Paris is weird. Perhaps not the first words you’d see in a travel guide about the city of love.
Although it’s the third most visited city in the world, most people experience Paris in three days—taking in the Eiffel Tower, the Louvre, the Arc du Triomphe, a croque-madame and some snails.
Living here, you soon see what’s going on beneath the surface (and no, it’s not that scene in Tarantino’s Killing Zoe where they all take heroin under the catacombs.) This is a city whose raison d’être is historicism and whose environment is a firm resistance to moving forwards. Indeed, it would rather move backwards.
Paris is a bit like those old French people who kept francs under their beds for years after the currency switched to euros, just in case the government brought back the old currency—which had, by the way, existed since 1360—and shredded all the euro notes and melted down the coins. In 2012 the Banque de France set a date by which anybody still hoarding Francs had to bring them in to change them. Ten years since they had ceased being legal tender, the bank estimated that 50 million francs were still in circulation (around $TT4.3bn.)
The French resistance to modernity is to be admired: the traditional cooking, baking, winemaking, striking, taking the full month of August off and allegedly bathing once a week.
But in Paris the resistance is less attitudinal and more structural. Here we have a city with a young population, but a subway system that feels like it’s descending into the 1920s; a communications network which lacks fundamental things like fibre optics; and bureaucracy that requires paperwork—where most countries have moved online.
All very charming, but does it make for comfortable living? Non, monsieur. Where places like Britain and Trinidad try to make life easier, the French are keeping it hard.
Republic Bank FedEx’d me a bank card from Chaguanas to Paris within three days. Our French bank took ten days to do the same.
But some old-fashioned things are attitudinal too, and they will never change. Parisians smoke like chimneys, for example. They smoke in cars, outside cafes, over babies’ pushchairs and whilst pumping petrol… It’s simply a way of life.

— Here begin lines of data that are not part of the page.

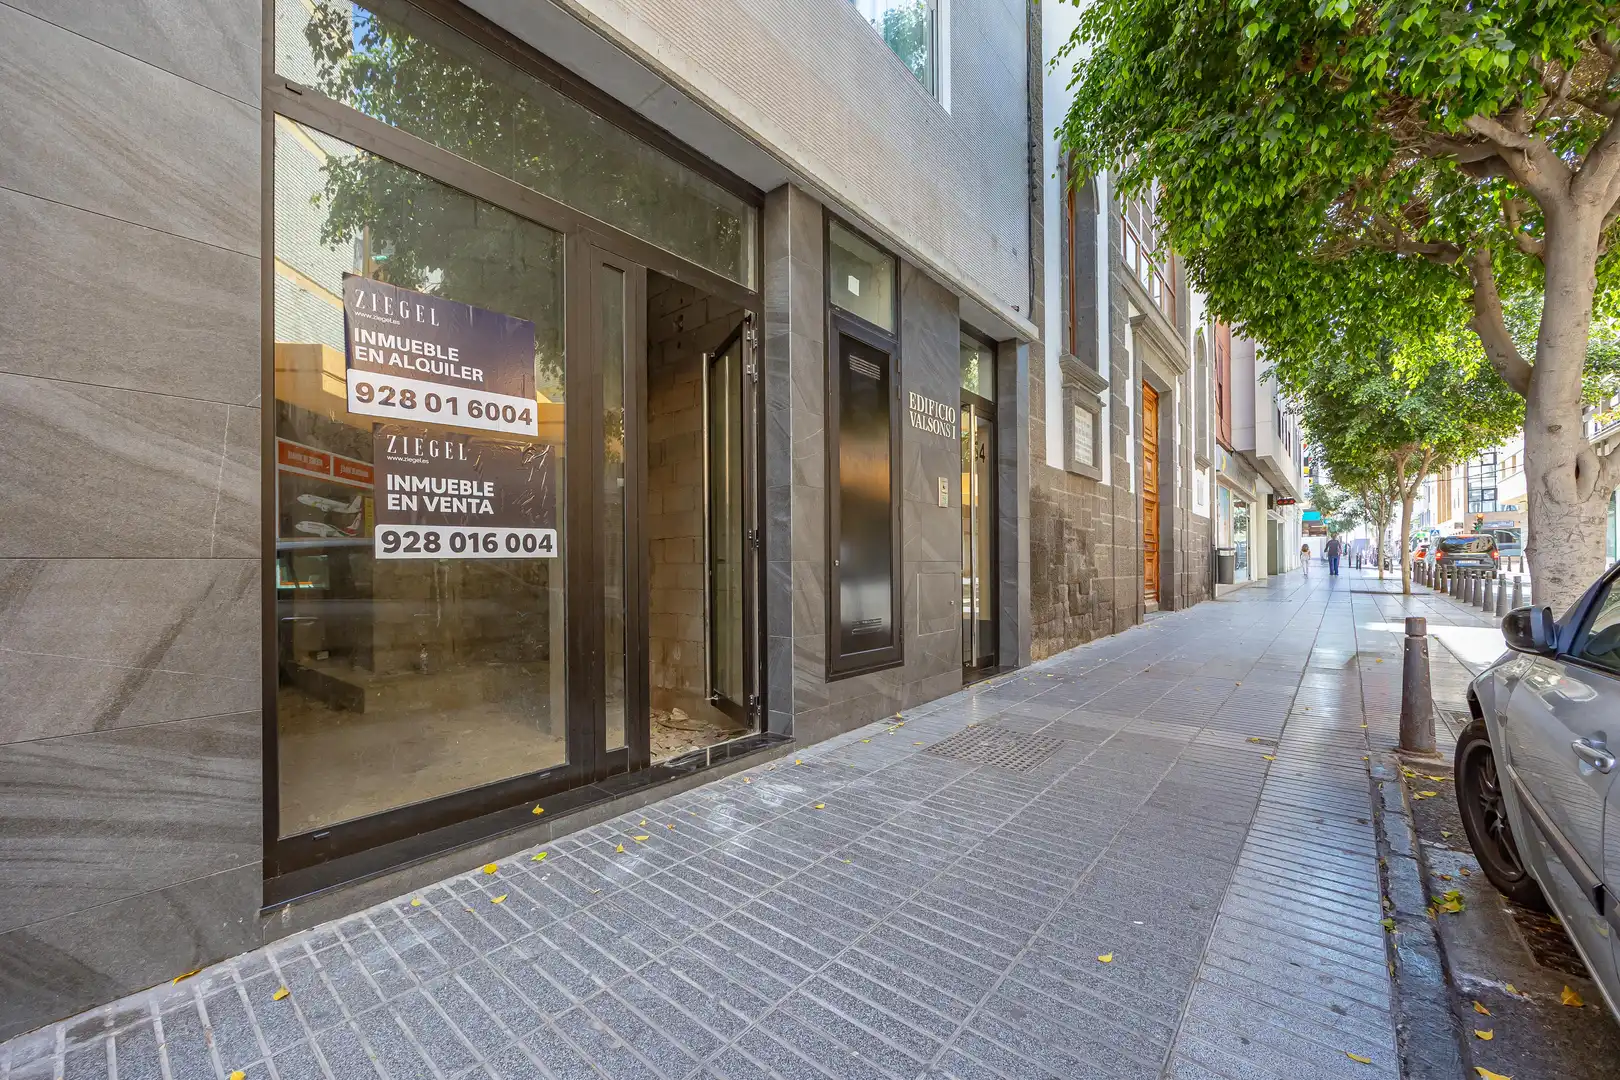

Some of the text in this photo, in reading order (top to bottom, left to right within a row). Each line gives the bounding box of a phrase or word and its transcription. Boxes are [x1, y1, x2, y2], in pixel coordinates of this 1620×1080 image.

[354, 311, 400, 325] www.ziegel.es
[355, 289, 440, 327] ZIEGEL
[354, 327, 459, 362] INMUEBLE
[355, 345, 484, 382] EN ALQUILER
[355, 382, 417, 410] 928
[909, 391, 956, 424] EDIFICIO
[909, 410, 956, 440] VALSONS I
[386, 434, 468, 461] ZIEGEL
[386, 455, 430, 465] www.ziegel.es
[386, 473, 495, 497] INMUEBLE
[387, 493, 495, 515] EN VENTA
[381, 530, 553, 554] 928 016 004
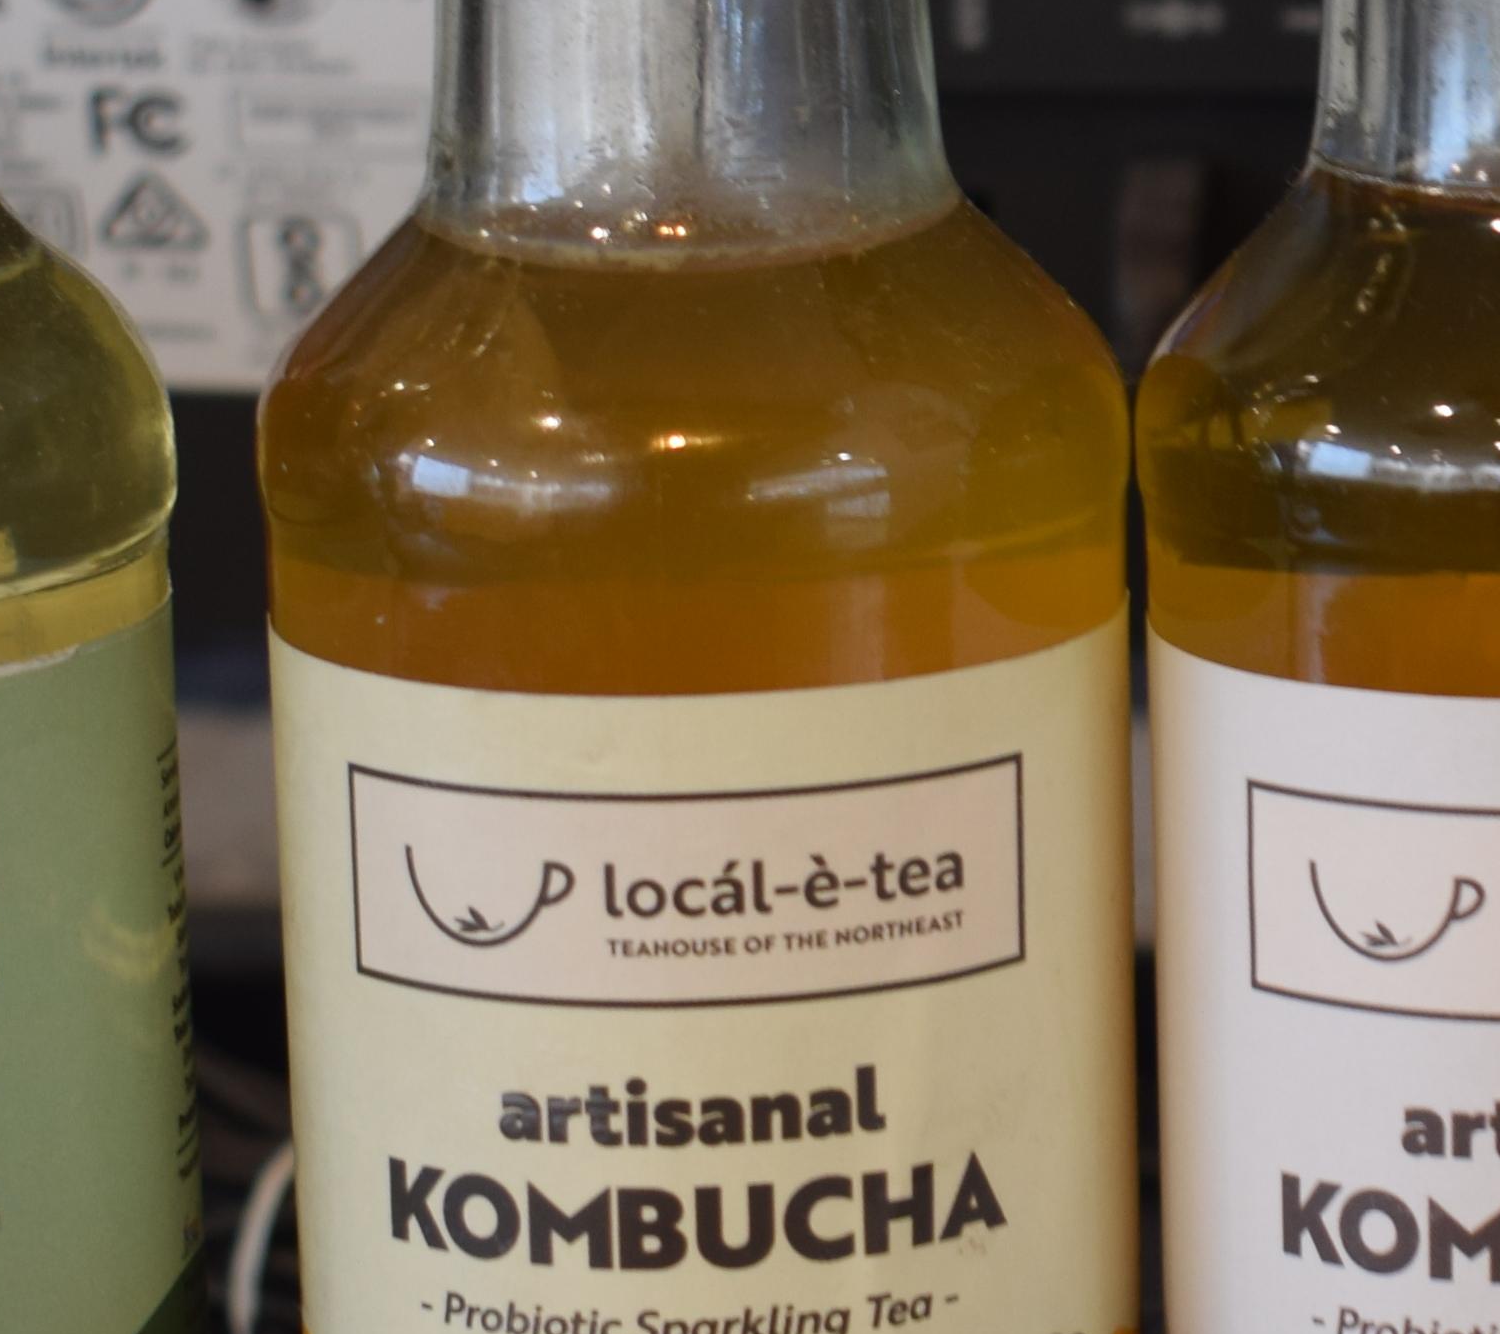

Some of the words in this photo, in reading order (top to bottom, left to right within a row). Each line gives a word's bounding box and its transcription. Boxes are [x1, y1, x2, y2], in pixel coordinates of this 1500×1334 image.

[602, 851, 965, 918] locál-è-tea
[608, 937, 736, 958] TEAHOUSE
[743, 935, 775, 953] OF
[784, 932, 828, 951] THE
[835, 910, 964, 947] NORTHEAST
[499, 1065, 886, 1148] artisanal
[388, 1151, 1008, 1271] KOMBUCHA
[866, 1291, 933, 1330] Tea
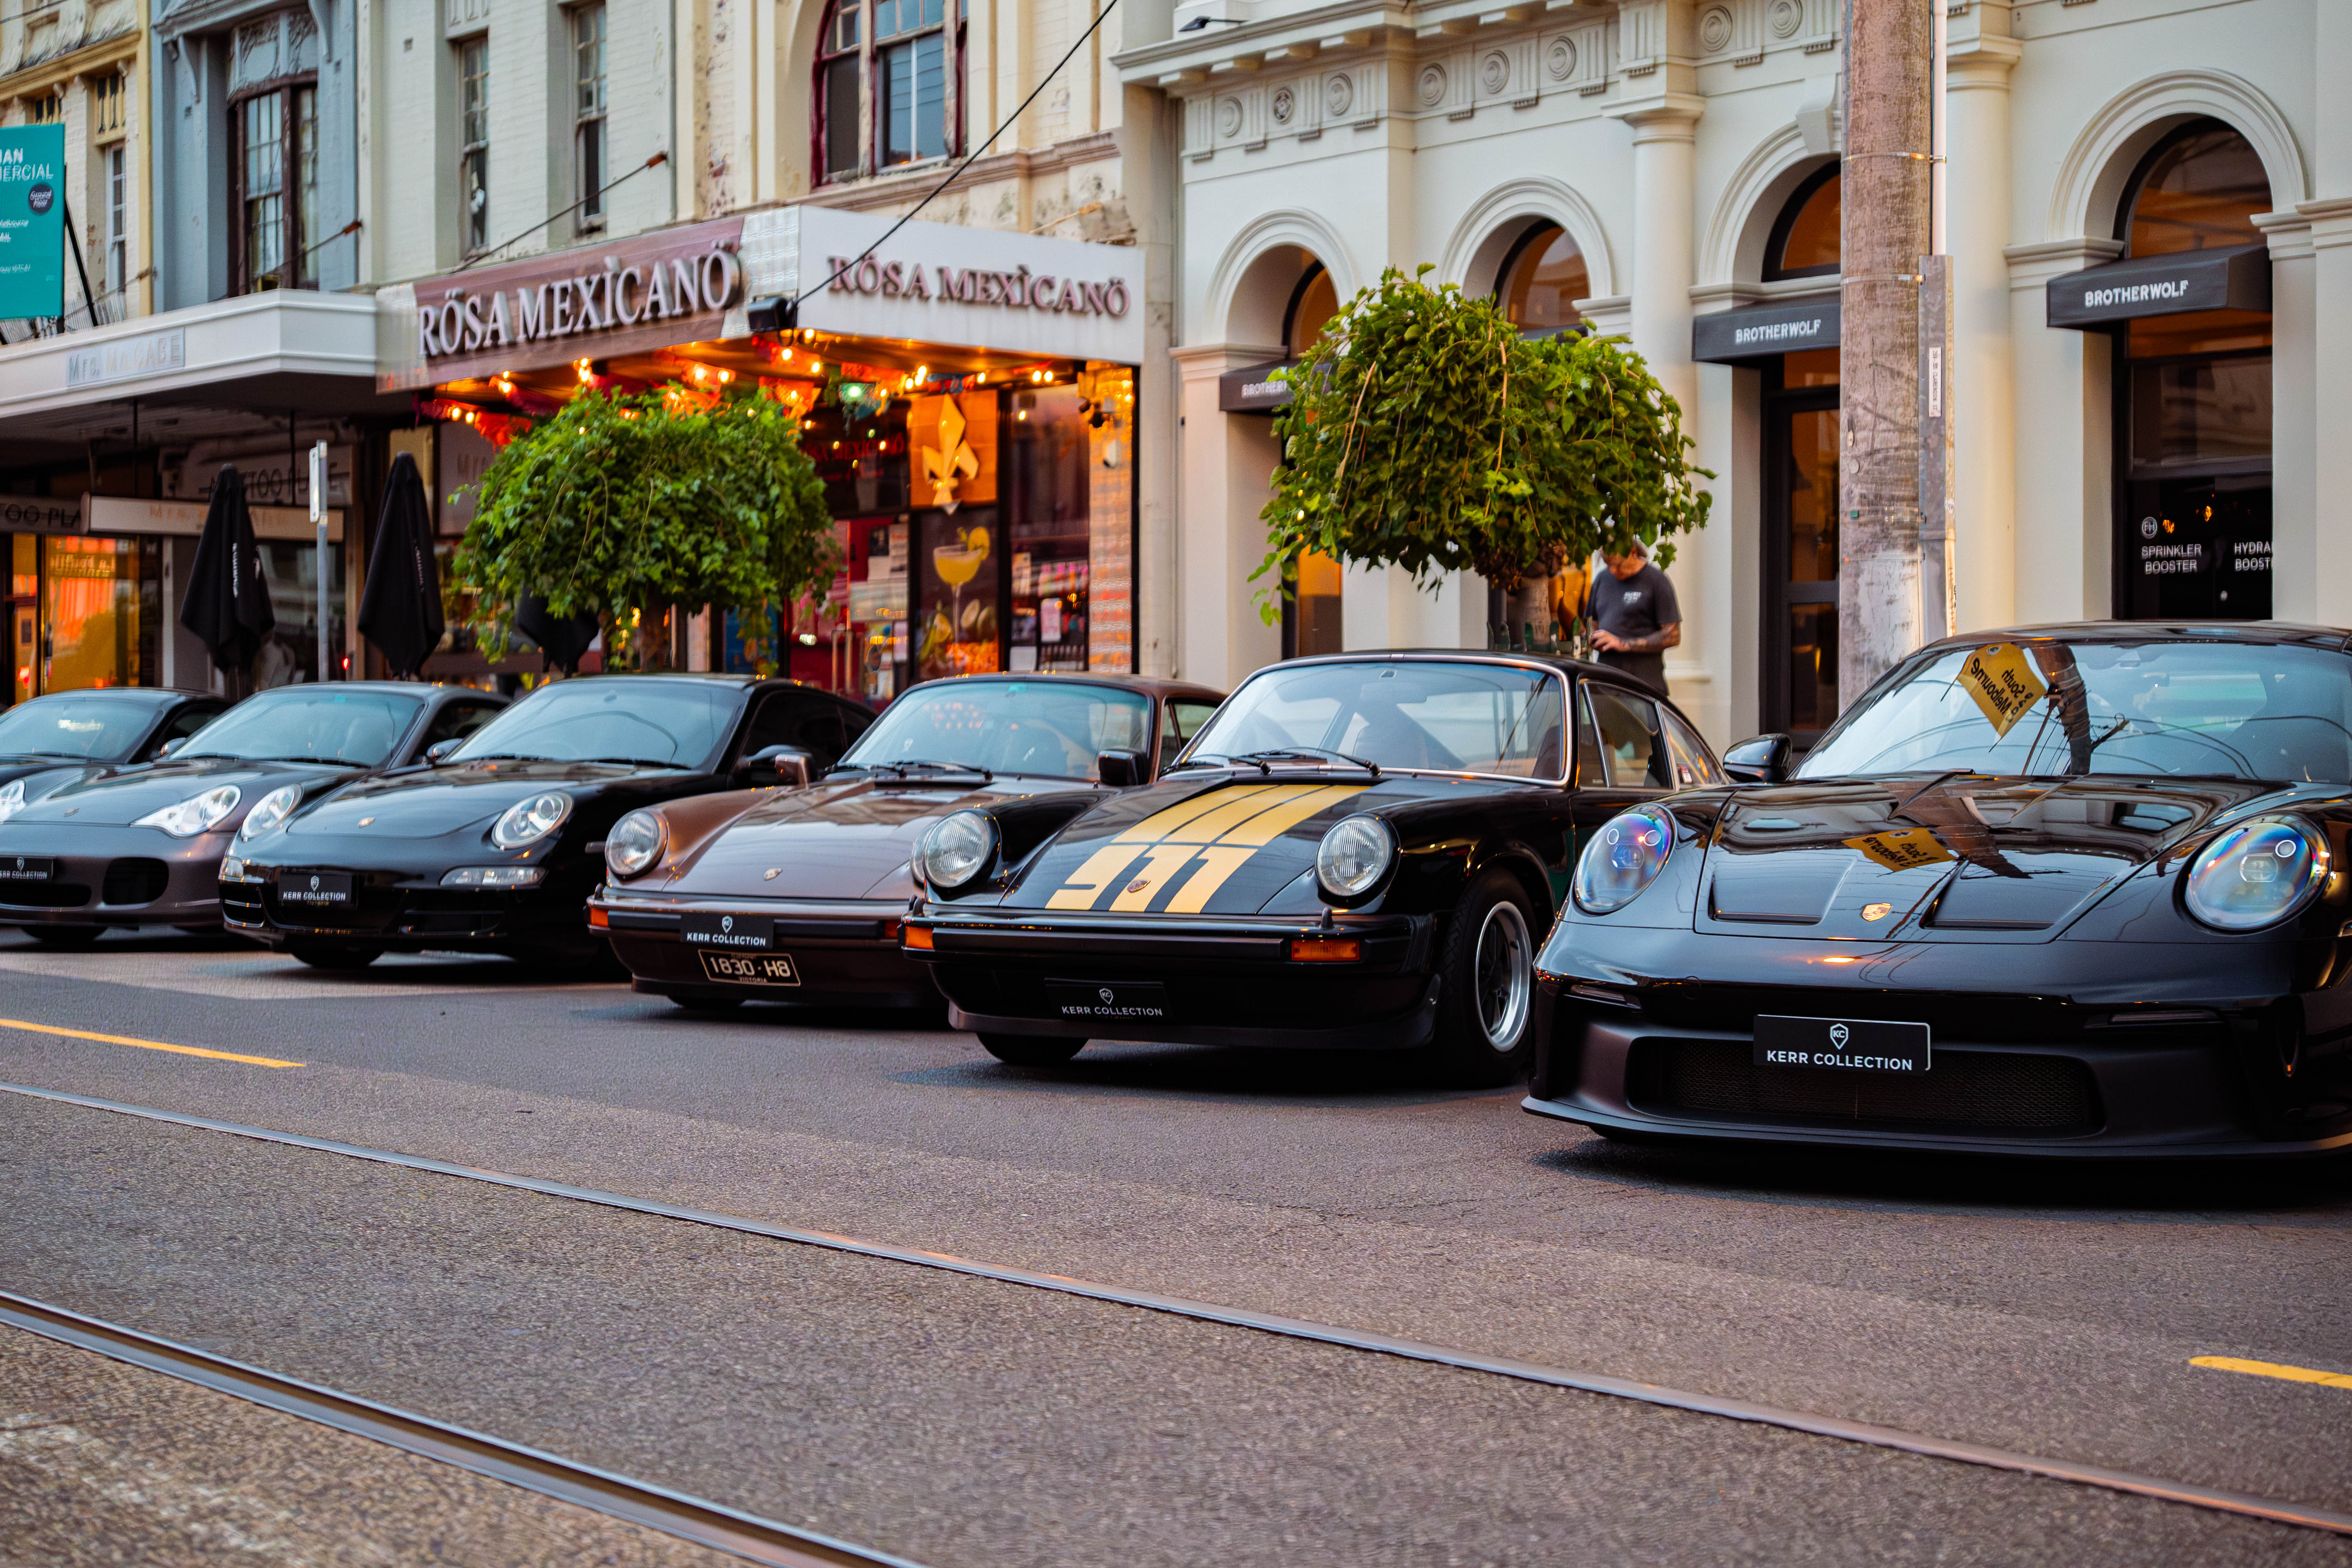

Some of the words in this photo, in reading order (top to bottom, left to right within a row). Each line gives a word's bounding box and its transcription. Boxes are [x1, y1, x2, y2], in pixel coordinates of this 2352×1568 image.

[0, 148, 23, 164] AN
[0, 163, 54, 181] ERCIAL
[2085, 280, 2189, 307] BROTHERWOLF
[1735, 319, 1822, 345] BROTHERWOLF
[1241, 380, 1287, 398] BROTHER
[2141, 544, 2202, 559] SPRINKLER
[2145, 559, 2197, 574] BOOSTER
[2235, 557, 2273, 571] BOOST
[283, 891, 302, 900] KERR
[303, 891, 346, 901] COLLECTION
[687, 932, 709, 942] KERR
[712, 934, 766, 946] COLLECTION
[1094, 1007, 1162, 1016] COLLECTION
[1833, 1030, 1845, 1038] KC
[1767, 1050, 1808, 1064] KERR
[1813, 1053, 1912, 1070] COLLECTION

“France is 50 years behind England,” Rashid my neighbour told me in the courtyard of our building, “I have to go outside of my apartment to get a signal on my phone.”
“When will the building get fibre optics?” I asked, despairingly.
“Oh maybe in one year,” he chuckled.
“Britain began rolled out fibre optics in 1998!” I held back the urge to cry out, and ran inside out of the rain.
When I was 15 I read George Orwell’s Down And Out In Paris And London. It was a strange time in my life: a rebellious phase of epic proportions. I had taken mind-expanding drugs and embraced anarchism, the Sex Pistols, Nirvana and the Beatles.
I had stopped going to my grammar school, which my mother had pushed so hard for me to get into, and had given up the piano and trumpet lessons and creative writing that had won me competitions, grades and positions in youth orchestras.
I was completely off the rails, wore clothes to shock (women’s fur coats, jeans covered in marker-pen graffiti, erratically bleached hair, spectacle frames with no lenses in them) and I was, loosely put, a stoner.
One thing I hadn’t given up on was books. I read Down And Out in one weekend, staying up late at night and waking early the next morning to finish it. The dirt, despair, hopelessness and the hollowed out existence of poverty spoke to me. My mother gave me no money anymore, obviously, so I took poorly paid boring jobs with long hours to buy things like cigarettes. Orwell’s imagery of sauna-hot restaurant kitchens and freezing cobbled streets are perhaps the rawest portrayal of human existence I have ever read.
Now I have come to live in this city—a place I’ve visited since the age of five when my auntie was a dancer at the Moulin Rouge—it feels like a daydream.
Degas (my favourite artist) is buried in the Cimetiere Montmartre nearby. Last week I found his final resting place: a family tomb with the words “FAMILLE de GAS,” a small artistic rendition of the artist’s face, and the years “1834—1917” written on it.
The next day, I received a request from an artist of the modern British kind, my friend and neighbour in Cascade, Al Braithwaite, now returned to London.
“Grab me a handful of street soil/dust from 10 Rue Nicolas Appert if you’re passing the 11th Arrondissement in the next couple of weeks,” he emailed.
Rue Nicolas Appert turned out to be the street of the Charlie Hebdo building: scene of the killings in January. Braithwaite intends to use it in an artwork and I’m excited to facilitate its creation and at the same time scared of being shot. Paris has been visibly patrolled by soldiers carrying enormous assault rifles since the attacks.
Next week I’ll tell you about the cosmopolitanism of the city and how—contrary to popular belief—the Parisians are nice people: more open and engaging than Londoners, and less neurotic than New Yorkers.
But for now I’ll leave you with the French word for fart, picked up from the eight-year-old girl my girlfriend is babysitting. It’s “un pet”. As in “je pète,” “tu pètes,” “nous pétons,” “vous pétez.”
Easy to remember, particularly when the child keeps petting like a trooper.